• [WORK TO BE COMPLETED]:
Reproduce the lines of the material exactly, excluding every image.

• [DATASET EXTRACT]:

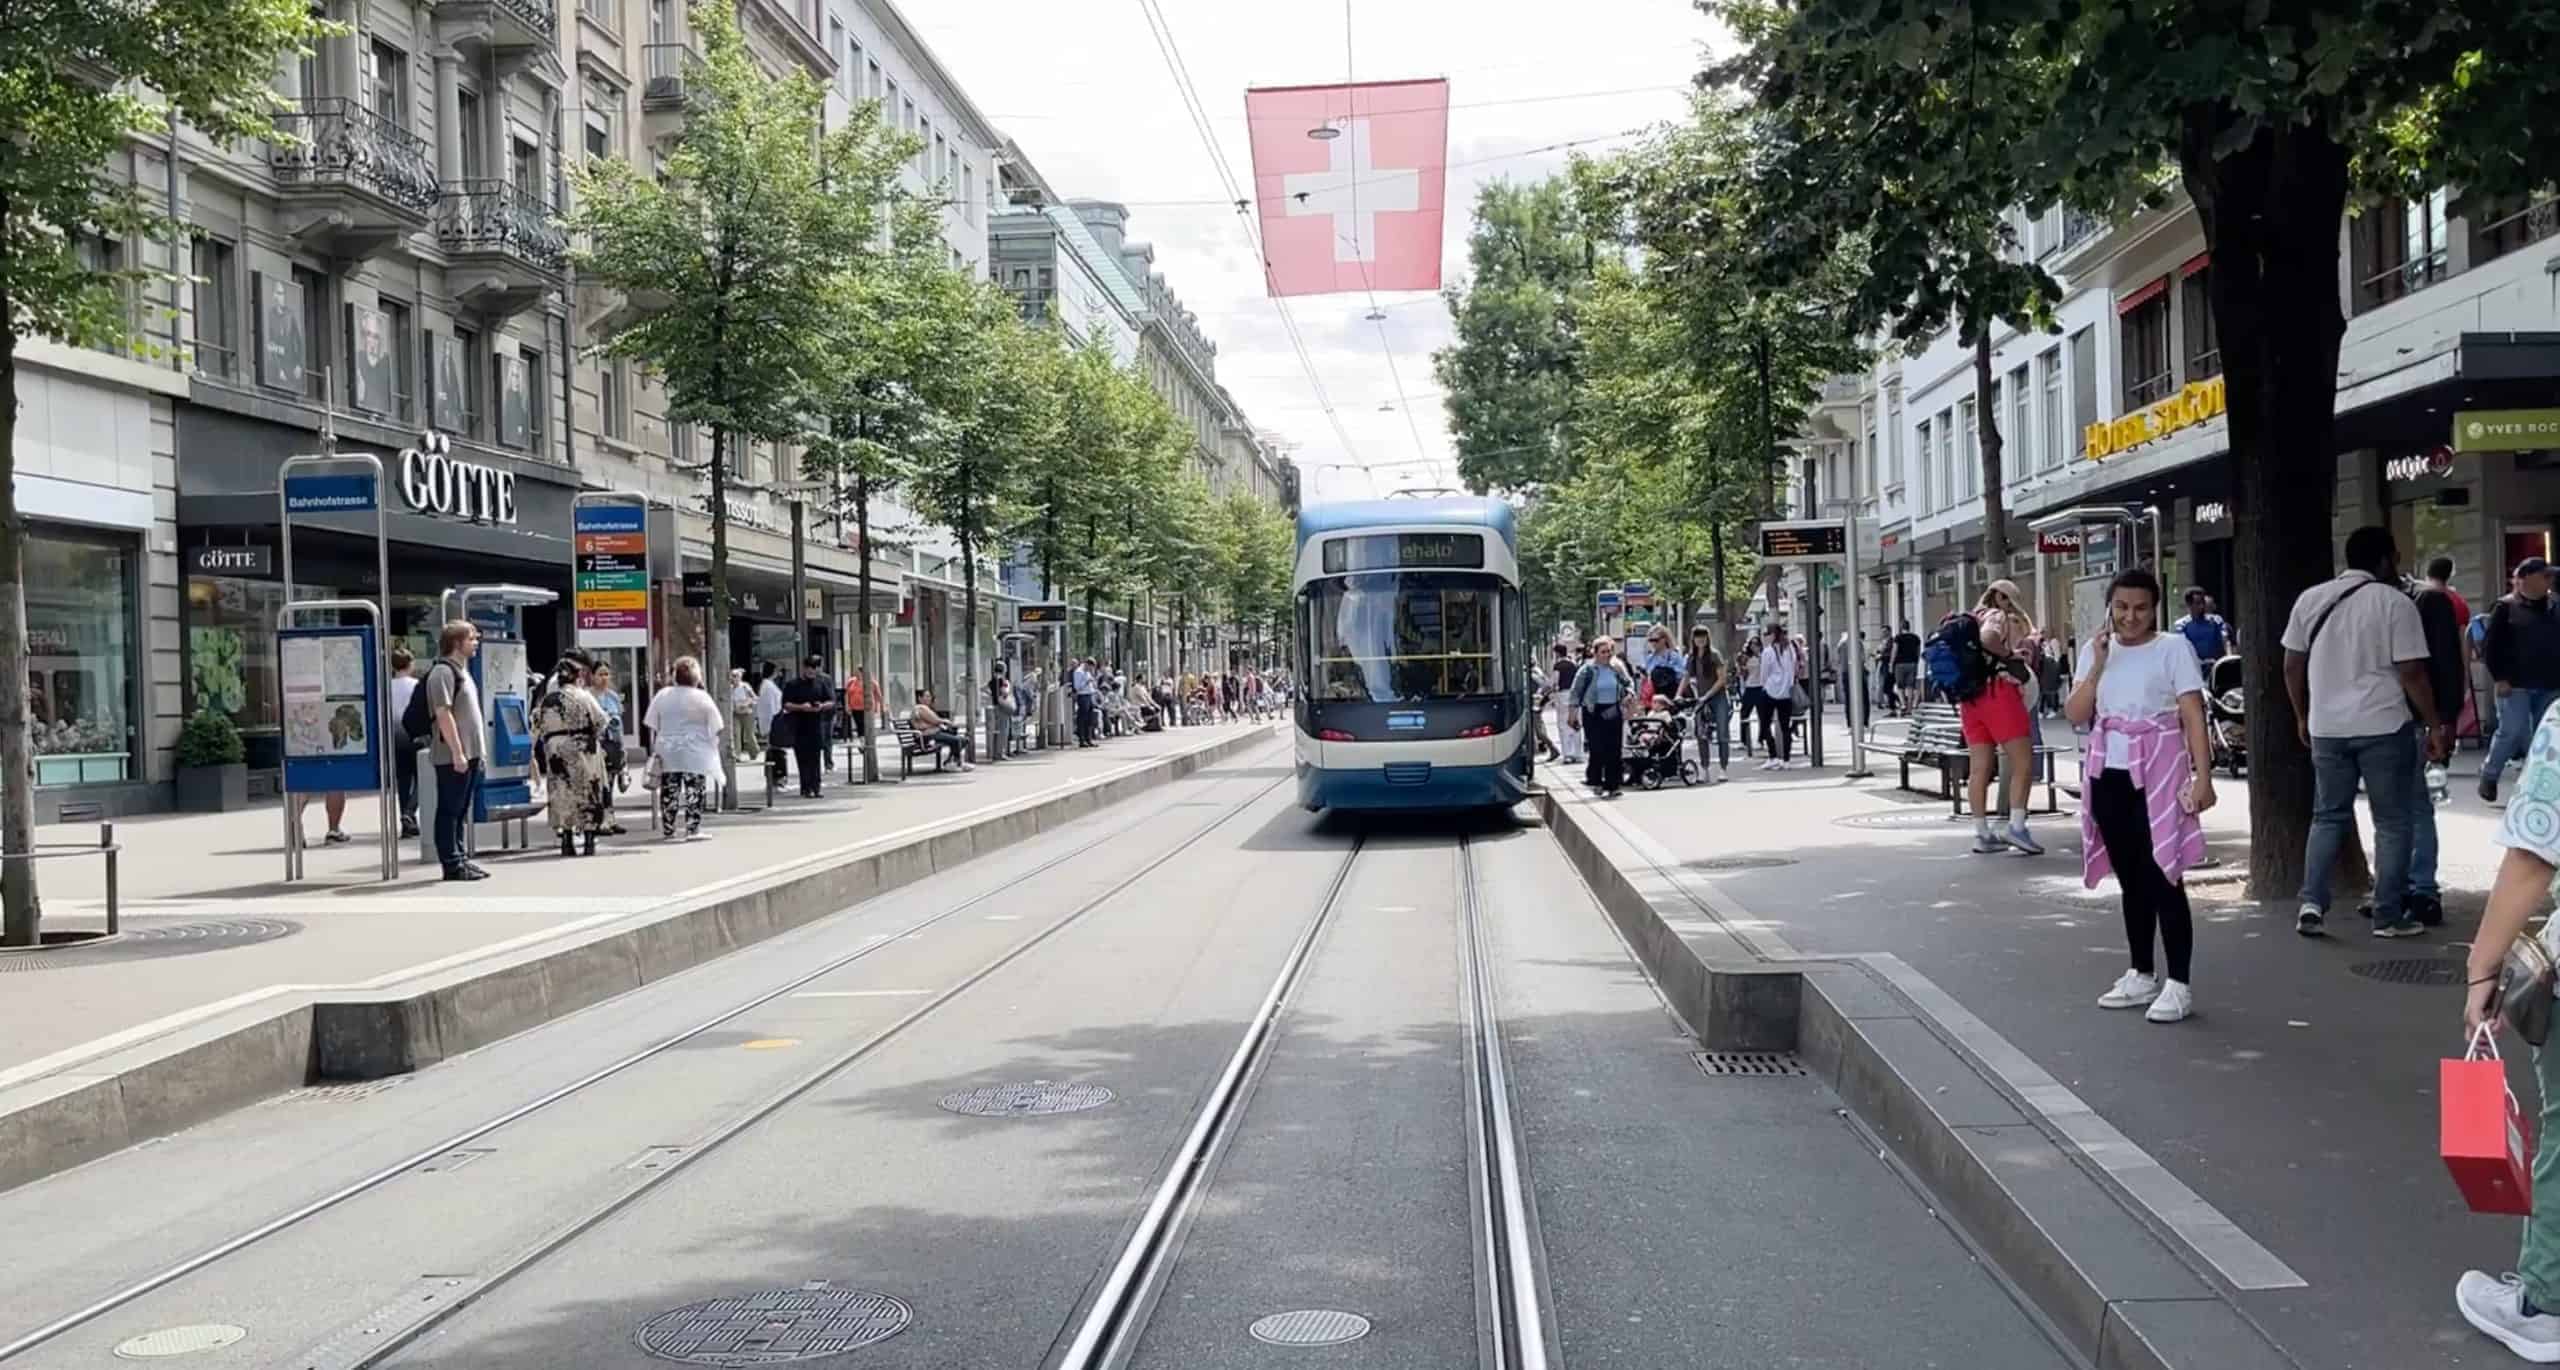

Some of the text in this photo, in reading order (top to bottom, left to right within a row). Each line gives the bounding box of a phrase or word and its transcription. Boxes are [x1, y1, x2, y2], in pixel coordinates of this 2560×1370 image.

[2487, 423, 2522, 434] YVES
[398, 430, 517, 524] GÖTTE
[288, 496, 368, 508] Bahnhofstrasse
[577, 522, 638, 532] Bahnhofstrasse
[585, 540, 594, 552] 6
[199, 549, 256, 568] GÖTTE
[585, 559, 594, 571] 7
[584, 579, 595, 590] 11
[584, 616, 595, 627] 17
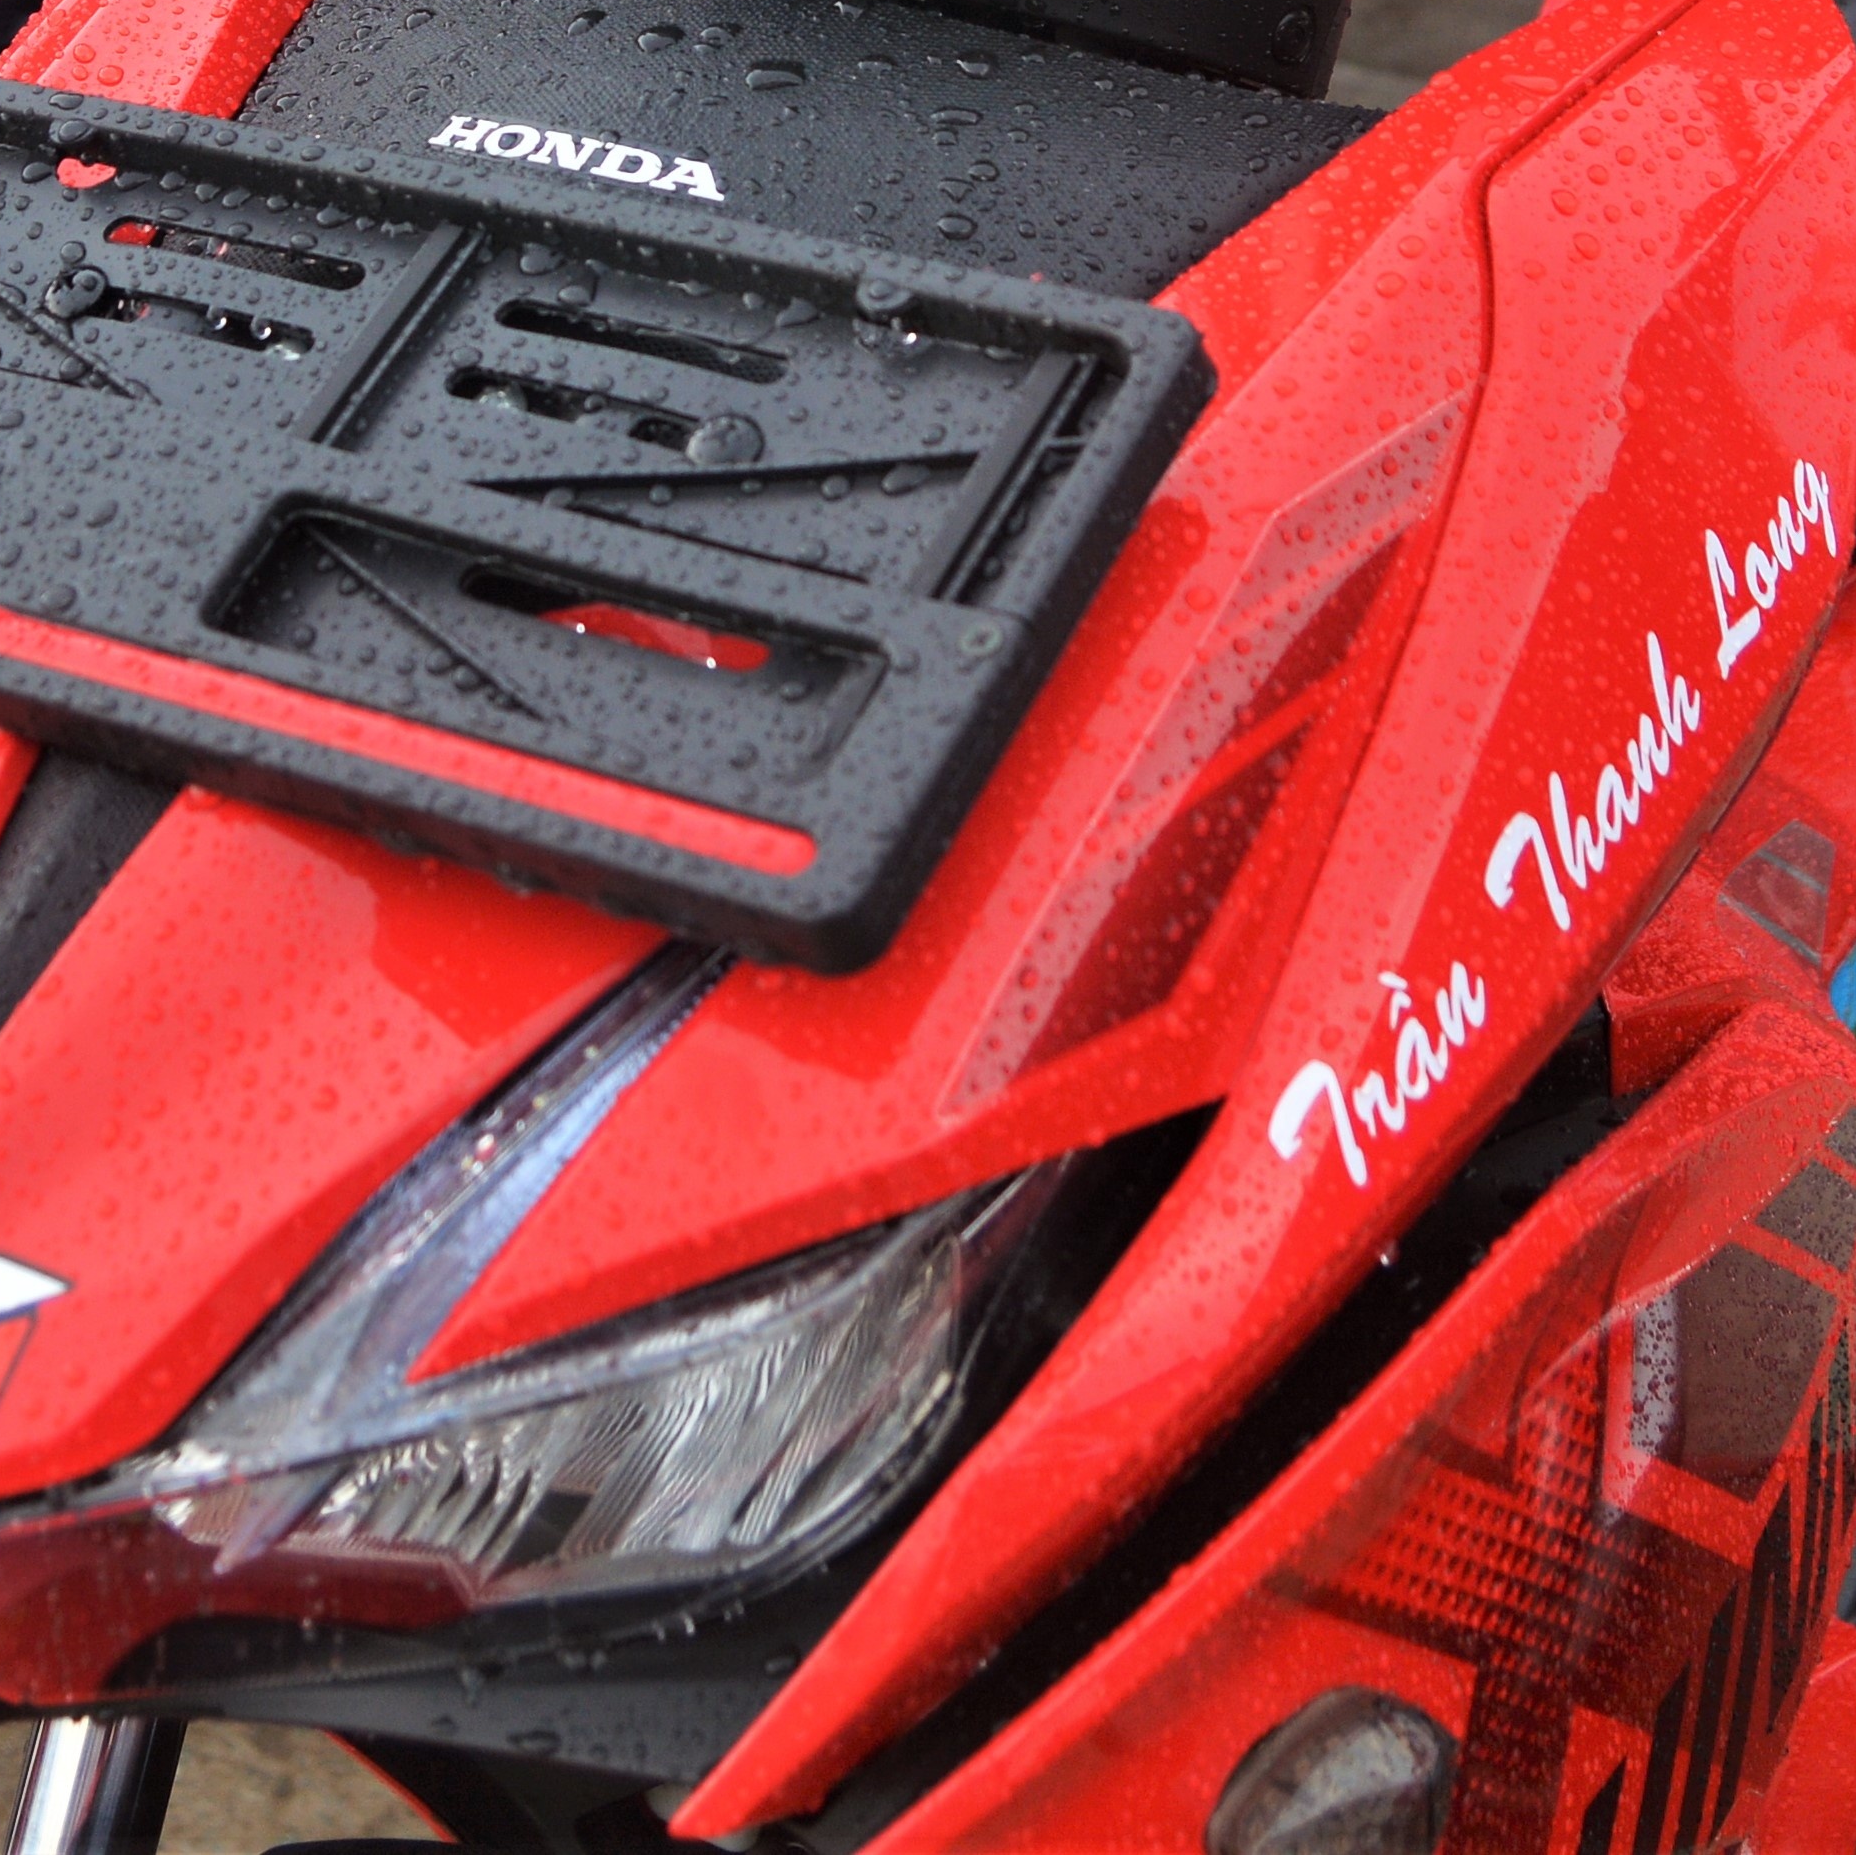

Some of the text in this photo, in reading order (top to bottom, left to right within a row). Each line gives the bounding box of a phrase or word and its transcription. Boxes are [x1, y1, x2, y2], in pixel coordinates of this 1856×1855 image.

• [REPLY TO THE TASK]:
Some of the text in this photo, in reading order (top to bottom, left to right within a row). Each line gives the bounding box of a phrase or word and its transcription. Boxes are [x1, y1, x2, y2], in pixel coordinates of this 2560×1370 image.

[2487, 423, 2522, 434] YVES
[398, 430, 517, 524] GÖTTE
[288, 496, 368, 508] Bahnhofstrasse
[577, 522, 638, 532] Bahnhofstrasse
[585, 540, 594, 552] 6
[199, 549, 256, 568] GÖTTE
[585, 559, 594, 571] 7
[584, 579, 595, 590] 11
[584, 616, 595, 627] 17

Some of the text in this photo, in reading order (top to bottom, left to right within a row). Each line gives the bounding box of a phrase or word and its transcription. Boxes are [x1, y1, x2, y2], in pixel coordinates of this 1856×1855 image.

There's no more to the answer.